LLM span attribute expansion (spec v0.17.0):

§5.5.1 input/output payload — openarmature.llm.input.messages, openarmature.llm.output.content, openarmature.llm.request.extras. JSON-encoded with sorted keys, default-off via disable_llm_payload: bool = True, truncated at payload_max_bytes (default 64 KiB, minimum 256). Inline image bytes redacted at the provider before reaching the event payload — not gated by any observer flag, defence-in-depth that applies to every custom observer too.
§5.5.2 / §5.5.3 GenAI semconv — gen_ai.system, gen_ai.request.model, gen_ai.response.{model,id,finish_reasons}, gen_ai.usage.{input,output}_tokens, plus per-set gen_ai.request.{temperature,max_tokens,top_p,seed}. Opt out via disable_genai_semconv. gen_ai.system is caller-set per OpenAIProvider instance (default "openai"; override to "vllm" / "lm_studio" / etc. when hitting non-OpenAI endpoints that speak the OpenAI wire format).

OTelObserver ergonomics:

resource=Resource(...) constructor field.
span_processor now accepts SpanProcessor | Sequence[SpanProcessor].
attribute_enrichers: Sequence[Callable[[Span, NodeEvent | None], None]] hook fires before every span.end() the observer issues.

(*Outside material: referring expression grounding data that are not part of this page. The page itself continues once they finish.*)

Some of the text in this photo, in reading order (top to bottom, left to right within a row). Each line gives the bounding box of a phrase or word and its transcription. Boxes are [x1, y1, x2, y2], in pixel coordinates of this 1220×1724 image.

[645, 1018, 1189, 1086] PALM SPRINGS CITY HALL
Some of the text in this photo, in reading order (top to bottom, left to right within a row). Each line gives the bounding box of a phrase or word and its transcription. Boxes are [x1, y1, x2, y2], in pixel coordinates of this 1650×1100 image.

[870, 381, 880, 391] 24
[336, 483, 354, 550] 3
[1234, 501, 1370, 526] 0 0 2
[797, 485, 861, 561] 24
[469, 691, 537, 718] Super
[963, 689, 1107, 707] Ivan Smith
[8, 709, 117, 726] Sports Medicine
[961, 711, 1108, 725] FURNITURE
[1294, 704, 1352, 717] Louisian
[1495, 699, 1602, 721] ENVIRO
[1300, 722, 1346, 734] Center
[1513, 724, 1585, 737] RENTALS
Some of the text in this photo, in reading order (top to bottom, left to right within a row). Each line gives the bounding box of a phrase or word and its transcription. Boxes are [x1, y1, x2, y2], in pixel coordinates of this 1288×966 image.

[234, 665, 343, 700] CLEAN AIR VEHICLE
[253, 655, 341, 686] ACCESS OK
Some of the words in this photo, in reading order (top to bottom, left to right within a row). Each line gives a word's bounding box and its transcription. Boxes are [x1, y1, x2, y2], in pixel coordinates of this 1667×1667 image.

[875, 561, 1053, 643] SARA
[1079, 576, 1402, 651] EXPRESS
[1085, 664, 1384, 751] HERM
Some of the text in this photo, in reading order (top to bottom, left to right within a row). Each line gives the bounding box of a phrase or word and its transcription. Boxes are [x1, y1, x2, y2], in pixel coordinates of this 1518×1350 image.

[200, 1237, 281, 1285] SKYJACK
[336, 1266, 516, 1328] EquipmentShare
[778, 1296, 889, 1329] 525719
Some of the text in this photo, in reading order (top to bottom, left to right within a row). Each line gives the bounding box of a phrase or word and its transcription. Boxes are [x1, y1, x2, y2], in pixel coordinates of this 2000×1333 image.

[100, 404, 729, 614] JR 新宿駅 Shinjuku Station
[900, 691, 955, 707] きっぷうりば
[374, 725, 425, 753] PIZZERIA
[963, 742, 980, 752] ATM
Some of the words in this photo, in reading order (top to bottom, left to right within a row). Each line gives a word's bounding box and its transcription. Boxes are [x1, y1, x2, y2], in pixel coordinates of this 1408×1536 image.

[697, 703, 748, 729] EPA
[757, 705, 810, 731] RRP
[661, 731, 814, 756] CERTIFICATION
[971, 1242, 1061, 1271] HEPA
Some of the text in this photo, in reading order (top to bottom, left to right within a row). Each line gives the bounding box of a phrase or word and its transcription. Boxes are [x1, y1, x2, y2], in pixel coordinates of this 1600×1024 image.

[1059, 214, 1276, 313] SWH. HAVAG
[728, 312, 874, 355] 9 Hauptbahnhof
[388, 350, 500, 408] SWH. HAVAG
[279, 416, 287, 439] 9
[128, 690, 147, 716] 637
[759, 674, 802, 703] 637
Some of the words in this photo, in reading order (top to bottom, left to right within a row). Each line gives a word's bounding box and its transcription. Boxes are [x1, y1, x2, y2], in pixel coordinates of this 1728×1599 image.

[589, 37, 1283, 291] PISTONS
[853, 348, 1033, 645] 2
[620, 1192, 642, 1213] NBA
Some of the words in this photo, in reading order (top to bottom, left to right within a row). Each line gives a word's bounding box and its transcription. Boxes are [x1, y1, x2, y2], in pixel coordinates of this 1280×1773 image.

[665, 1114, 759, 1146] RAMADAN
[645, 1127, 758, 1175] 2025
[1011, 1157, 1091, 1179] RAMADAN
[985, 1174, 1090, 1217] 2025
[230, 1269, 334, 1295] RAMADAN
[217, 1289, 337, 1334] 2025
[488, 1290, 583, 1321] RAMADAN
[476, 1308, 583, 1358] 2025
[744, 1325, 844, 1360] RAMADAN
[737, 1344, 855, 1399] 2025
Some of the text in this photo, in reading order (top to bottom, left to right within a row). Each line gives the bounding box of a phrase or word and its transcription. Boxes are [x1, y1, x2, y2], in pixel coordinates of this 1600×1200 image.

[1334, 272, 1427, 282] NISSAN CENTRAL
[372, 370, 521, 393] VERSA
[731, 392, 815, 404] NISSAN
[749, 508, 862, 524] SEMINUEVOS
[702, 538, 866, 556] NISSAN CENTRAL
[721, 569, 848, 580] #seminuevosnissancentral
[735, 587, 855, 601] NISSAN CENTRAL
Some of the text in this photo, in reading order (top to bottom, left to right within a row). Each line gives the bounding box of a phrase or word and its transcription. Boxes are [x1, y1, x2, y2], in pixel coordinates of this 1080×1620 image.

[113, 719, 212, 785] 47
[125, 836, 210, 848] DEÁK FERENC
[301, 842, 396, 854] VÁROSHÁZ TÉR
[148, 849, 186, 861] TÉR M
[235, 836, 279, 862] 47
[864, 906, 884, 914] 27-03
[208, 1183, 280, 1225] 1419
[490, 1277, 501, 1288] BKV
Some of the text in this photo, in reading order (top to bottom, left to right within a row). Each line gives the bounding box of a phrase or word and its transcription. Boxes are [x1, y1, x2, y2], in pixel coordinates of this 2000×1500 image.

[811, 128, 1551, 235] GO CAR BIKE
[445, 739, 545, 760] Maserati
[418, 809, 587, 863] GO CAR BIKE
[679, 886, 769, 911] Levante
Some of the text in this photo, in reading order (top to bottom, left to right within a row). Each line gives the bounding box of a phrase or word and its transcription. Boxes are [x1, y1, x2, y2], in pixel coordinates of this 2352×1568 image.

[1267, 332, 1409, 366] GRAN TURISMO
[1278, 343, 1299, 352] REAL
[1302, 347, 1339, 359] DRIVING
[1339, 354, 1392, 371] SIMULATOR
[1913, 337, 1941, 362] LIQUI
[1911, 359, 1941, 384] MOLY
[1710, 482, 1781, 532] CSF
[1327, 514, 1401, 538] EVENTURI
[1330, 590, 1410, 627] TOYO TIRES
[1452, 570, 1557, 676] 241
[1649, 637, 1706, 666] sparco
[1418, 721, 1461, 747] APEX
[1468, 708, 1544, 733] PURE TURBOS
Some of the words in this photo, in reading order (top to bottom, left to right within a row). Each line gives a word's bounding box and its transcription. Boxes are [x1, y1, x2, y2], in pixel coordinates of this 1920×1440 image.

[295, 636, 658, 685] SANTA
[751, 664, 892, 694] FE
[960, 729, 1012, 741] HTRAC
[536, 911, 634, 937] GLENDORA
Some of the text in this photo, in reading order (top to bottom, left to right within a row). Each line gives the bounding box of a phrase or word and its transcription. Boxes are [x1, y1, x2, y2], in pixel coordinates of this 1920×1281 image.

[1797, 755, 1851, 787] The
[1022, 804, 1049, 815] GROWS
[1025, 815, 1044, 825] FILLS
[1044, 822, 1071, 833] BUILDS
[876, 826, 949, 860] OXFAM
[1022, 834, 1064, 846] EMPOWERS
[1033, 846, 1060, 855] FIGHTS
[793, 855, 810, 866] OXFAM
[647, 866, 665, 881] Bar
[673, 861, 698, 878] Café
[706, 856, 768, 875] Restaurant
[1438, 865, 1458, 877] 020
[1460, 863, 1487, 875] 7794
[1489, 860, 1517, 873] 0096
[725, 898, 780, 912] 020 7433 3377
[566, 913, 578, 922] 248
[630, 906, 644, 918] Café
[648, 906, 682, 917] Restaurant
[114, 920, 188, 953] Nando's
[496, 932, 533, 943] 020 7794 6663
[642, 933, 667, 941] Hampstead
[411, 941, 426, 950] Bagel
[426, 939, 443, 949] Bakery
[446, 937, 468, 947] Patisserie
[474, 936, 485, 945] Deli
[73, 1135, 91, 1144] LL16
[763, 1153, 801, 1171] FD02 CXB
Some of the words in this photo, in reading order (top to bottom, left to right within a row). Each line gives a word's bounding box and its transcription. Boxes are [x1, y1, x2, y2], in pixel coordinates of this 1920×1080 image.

Exceptions are caught and warned, never propagated.
shutdown() docstring documents the BatchSpanProcessor flush gotcha under fast teardown.

Public surface:

openarmature.observability.LLM_NAMESPACE and openarmature.observability.LlmEventPayload. The payload type now lives at openarmature.observability.llm_event (moved from the provider module to break a circular import that the lazy __getattr__ was masking; subclasses plain Pydantic BaseModel since NodeEvent.pre_state is Any). _LlmEventState retained as a deprecated alias on the provider module for one release.
Response.response_id and Response.response_model typed fields sourcing the new gen_ai.response.* attributes.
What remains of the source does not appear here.